Saturday, November 8, 2008

Load Available Here

I know I said government personnel are generally inefficient. But my recent transactions with the government aren’t as painful anymore. There are signs, thank God, that the budget intended for computerization was actually put to good use. In some gated village somewhere, the botoxed wife of a politician must be crying her eyes out over her husband’s failure to buy her a new Louis Vuitton. My condolences go out to her.

I had to get the usual clearances for the first time to get a job: baranggay, NBI, police, drug test, the whole sha-bang. In no instance was I made to go back or to wait for more than an hour to get what I applied for. Ironically, it was my U.P transcript that took two days to process. That’s excusable, I think, because U.P has always been the University of Pila to me.

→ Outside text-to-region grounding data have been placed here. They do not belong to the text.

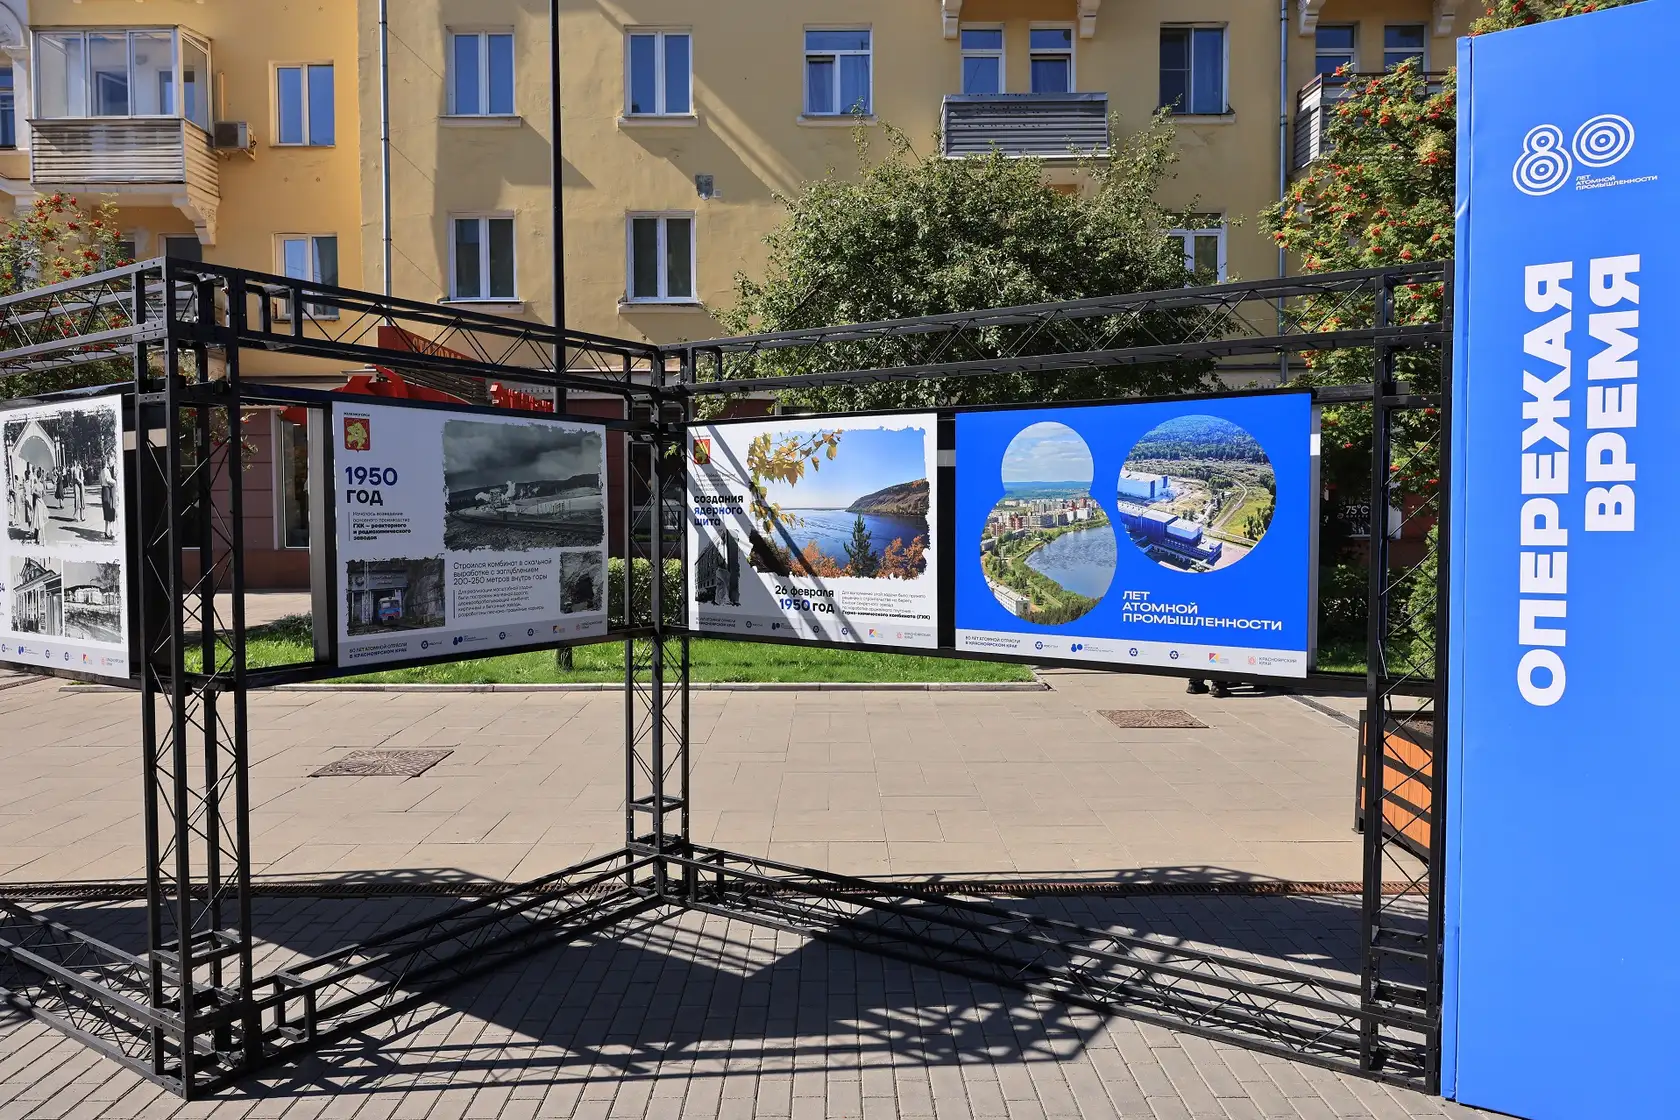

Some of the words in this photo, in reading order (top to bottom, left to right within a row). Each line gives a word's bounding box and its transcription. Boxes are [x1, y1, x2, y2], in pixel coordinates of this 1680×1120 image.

[1575, 175, 1616, 186] АТОМНОЙ
[1575, 175, 1658, 191] ПРОМЫШЛЕННОСТИ
[1584, 253, 1640, 532] ВРЕМЯ
[345, 466, 398, 486] 1950
[1517, 260, 1573, 707] ОПЕРЕЖАЯ
[347, 489, 384, 506] ГОД
[693, 494, 744, 505] создания
[693, 507, 743, 518] ядерного
[693, 517, 721, 528] щита
[453, 561, 486, 571] Строился
[487, 560, 517, 569] комбинат
[453, 570, 489, 579] выработке
[496, 567, 539, 576] заглублением
[453, 576, 485, 586] 200-250
[486, 576, 510, 584] метров
[775, 585, 788, 595] 26
[789, 585, 835, 598] февраля
[1122, 590, 1150, 602] ЛЕТ
[779, 598, 811, 612] 1950
[812, 602, 835, 614] год
[1122, 600, 1198, 615] АТОМНОЙ
[1122, 613, 1283, 631] ПРОМЫШЛЕННОСТИ

It was such a welcome change to be handed wet wipes after taking my finger prints at the NBI Satellite Office in Mandaluyong. I thought, “Uy, ang galing .May kasamang panlinis.” I was on my way to concluding that efficiency has finally become the new work ethic for government personnel. To my surprise, though, I was charged Php5.00 for the towel, which amount was not included in the official NBI receipt. Sideline pala.

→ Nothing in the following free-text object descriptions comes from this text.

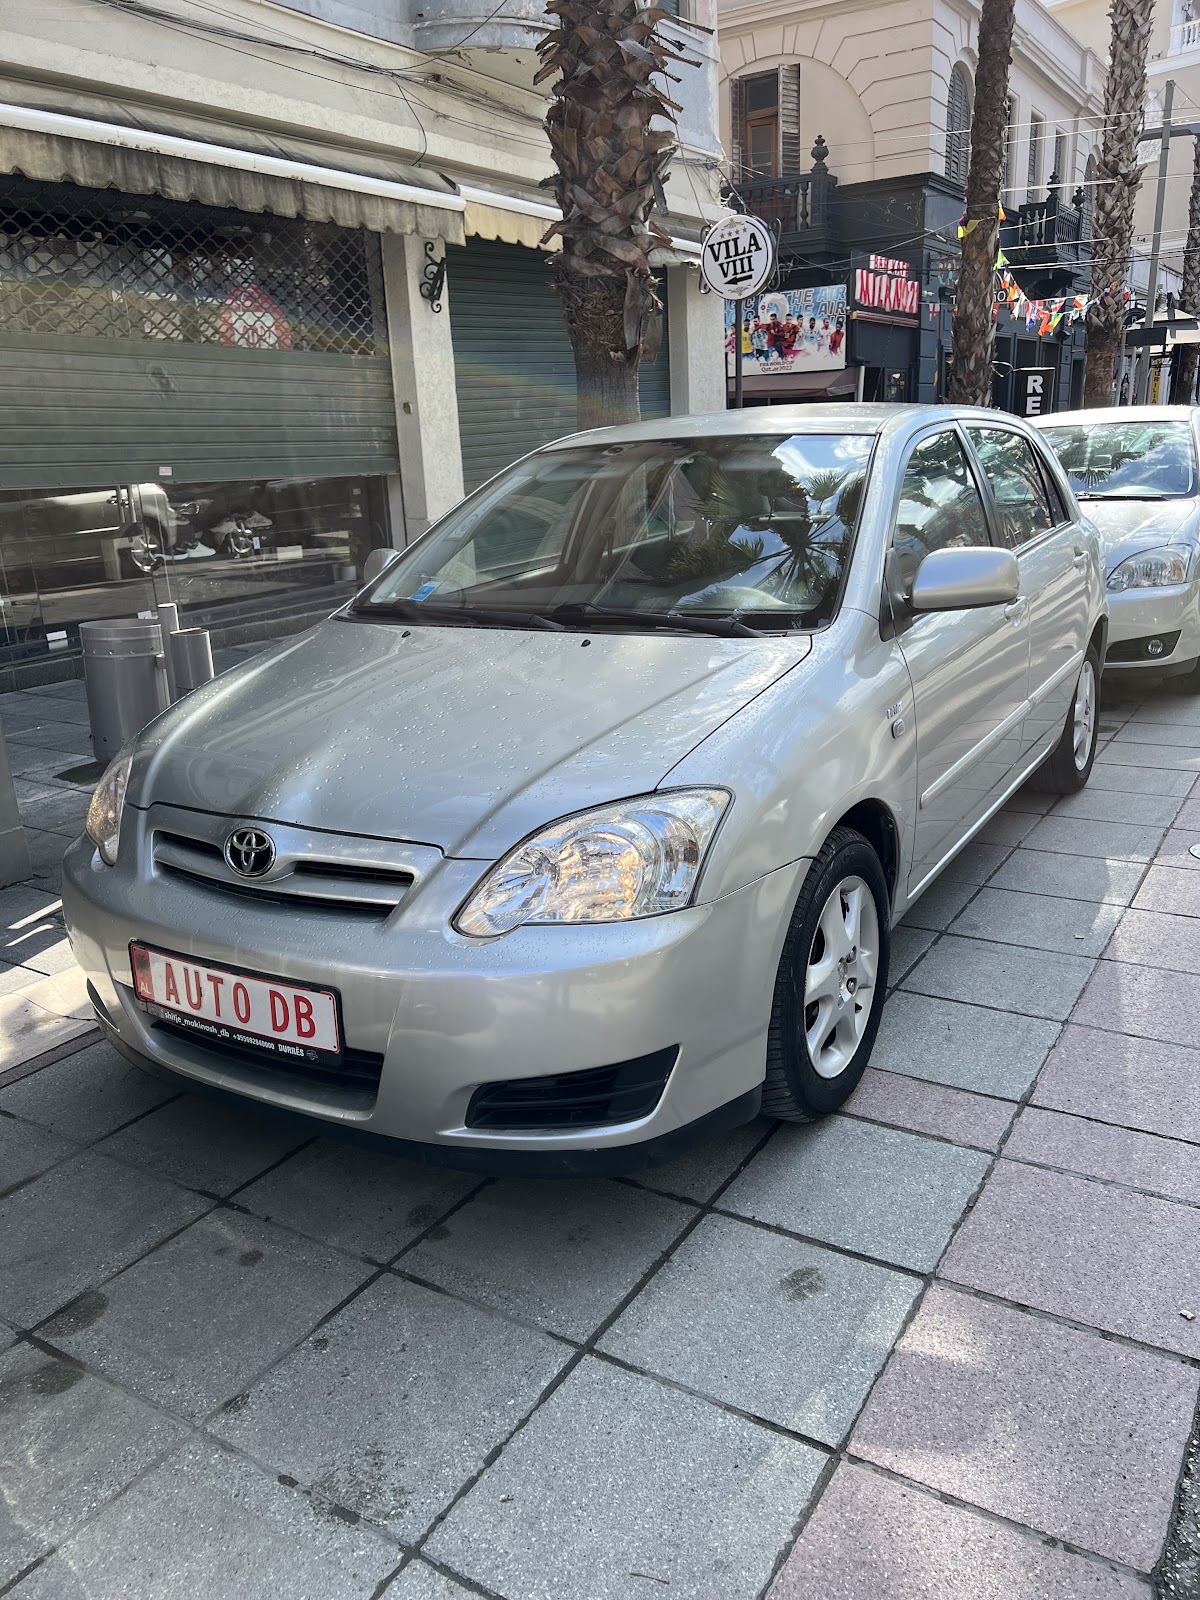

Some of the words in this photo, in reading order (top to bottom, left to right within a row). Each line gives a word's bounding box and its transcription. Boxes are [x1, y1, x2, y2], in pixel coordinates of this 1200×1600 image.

[708, 233, 762, 262] VILA
[718, 255, 754, 278] VIII
[817, 285, 847, 302] AIR
[817, 301, 847, 316] AIR
[140, 981, 152, 995] AL
[165, 962, 251, 1024] AUTO
[269, 989, 316, 1038] DB
[278, 1044, 304, 1057] DURRËS

I did not feel cheated by the way. I also did not raise an eyebrow over a sign that read: “Smart/Globe/Sun Load Available Here” and “For Sale Envelope ” at the releasing counter. I’m cutting our public servants some slack this time. If they have to make ends meet with their pitiful salaries, it’s better that they do it by making an honest living, selling things. There are worse politicians who do not sell envelopes but get kickbacks in the millions out of government projects. In my opinion, yung mga yun ang dapat sisantihin.

'D Diary

I wouldn't be able to go on vacation until after six months because of my new employment. So even with a tight budget, I tagged along Pao on his recent trip to Singapore and Kuala Lumpur, Malaysia. It felt great not having to think about anything for a week. I only had to decide where to eat, what to do and whether to buy something I didn’t really need. Actually, the last of these wasn’t so much of a problem. Like I said, I brought little cash and only a husband with a credit card on this trip.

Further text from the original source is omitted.